“In Deadly River, Ralph R. Frerichs tells the story of the epidemic—of a French disease detective determined to trace its origins so that he could help contain the spread and possibly eliminate the disease—and the political intrigue that has made that effort so difficult. The story involves political maneuvering by powerful organizations such as the United Nations and its peacekeeping troops in Haiti, as well as by the World Health Organization and the U.S. Centers for Disease Control. Frerichs explores a quest for scientific truth and dissects a scientific disagreement involving world-renowned cholera experts who find themselves embroiled in intellectual and political turmoil in a poverty-stricken country.” Source: Cornell University Press
Nine months after the catastrophic January 2010 earthquake that took over 220,000 lives, UN ‘peacekeeping’ troops from Nepal brought cholera to Haiti and unleashed an epidemic that continues to this day. It is estimated that 7% of Haitians now carry the bacteria; over 8000 have died. Yet, the UN denies culpability (although Ban Ki Moon has indicated that he understands the origin of the disease) and continues to fight “the most organized challenge to UN immunity yet” (New York Times).
Deadly River explores the history of the investigation into cholera by telling the story of French epidemiologist Renaud Piarroux, who was invited by the Haitian government to study the emerging infection. Frerichs worked closely with Piarroux as well as relying heavily on journalistic accounts and official documents in weaving this tale about the intersections of politics and science.

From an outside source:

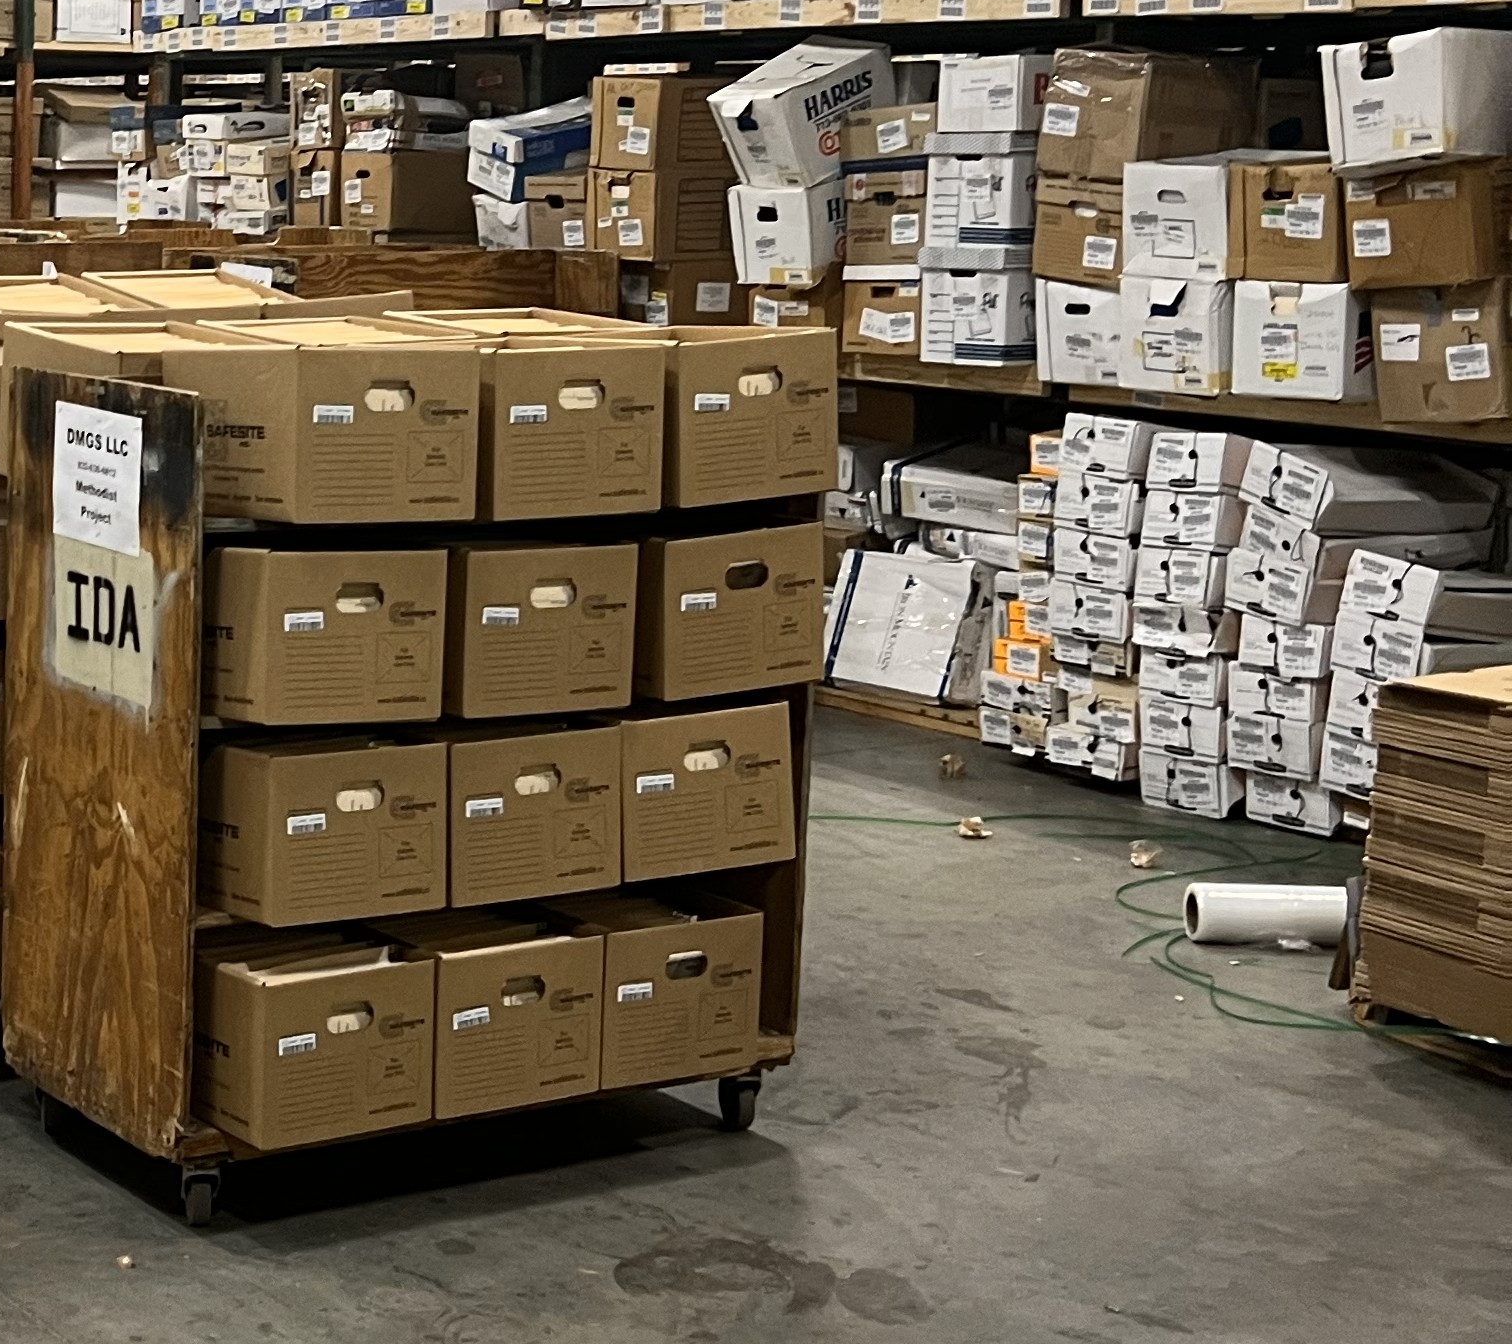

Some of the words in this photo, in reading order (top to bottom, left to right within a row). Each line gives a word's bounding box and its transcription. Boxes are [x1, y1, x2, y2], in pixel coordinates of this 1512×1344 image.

From the moment that Piarroux’s investigations began suggesting UN-troops as a cause, his efforts were obfuscated, thwarted, and misrepresented by politicians the world over, including some in Haiti, who were relying on UN-peacekeeping forces to maintain lawfulness during a contested election season. Frerichs’s engaging story conducts itself like a thrilling mystery in which we follow Piarroux along the course of his investigations – to villages in Haiti, to France, to official hearings and boardrooms. I simply loved the ways in which Frerich brings out the exciting ‘detecting’ element of scientific research – he presents clues about the discovery of cholera’s origin as they unfolded for Piarroux, offering a fascinating look into how a large-scale scientific exploration with political implications takes shape.
But Deadly River is not just a scientific-research journey; Frerichs presents an abbreviated science of cholera and epidemiology of cholera pandemics, and focuses extensively on efforts by the UN, ambassadors from various countries, the US of course (including the CDC), etc – to politicize the science in order to protect their interventionist efforts.
Ah, the eternal story of colonization: “world powers” settle into a region to ostensibly offer protection or support (or, not so long ago, to offer “culture” and “civilization”), but end up sowing other forms of devastation in their wake. Deadly River is an excellent case-study into this sadly vast field.
I have one complaint which brings my rating down to 4. Perhaps this is not a flaw as much as a misalignment of my expectations and Frerich’s purpose and scope. Deadly River would more aptly be subtitled – “One Doctor’s Journey into Fighting Politics in the Name of Science – the Haitian Cholera Episode”. Because, as much as Frerichs does name other players, they are but tangential to Piarroux. And, as much as he purports to be writing in the name of justice for the people of Haiti, he’s actually just writing in the name of science, for Piarroux, because he does not include accounts of actual Haitians, except as described fleetingly by foreign doctors, aid workers, and the like.
What I’d love to read after this, and a needed companion, would be an oral history of cholera in Haiti (wish someone would recruit Svetlana Alexievich for this). While I understand that perhaps Haitian voices fell out of Frerich’s scope, he does make pronouncements and conclusions as if his believes his work to be for justice. But how can you talk about justice when you haven’t spoken with one person this crisis affected directly? That kind of imposed justice is no better in some ways than the UN’s sincere efforts to help after the Haitian earthquake. It consists of decisions and appraisals from afar, by armchair experts who don’t bother to consult the people on the ground, and it smacks of its own flavor of colonialism.
Still, an engaging, scientifically and politically significant work that touches on an important but entirely overlooked (in US journalism at least) modern-day crisis caused by Western interventionist, colonial/imperial policies.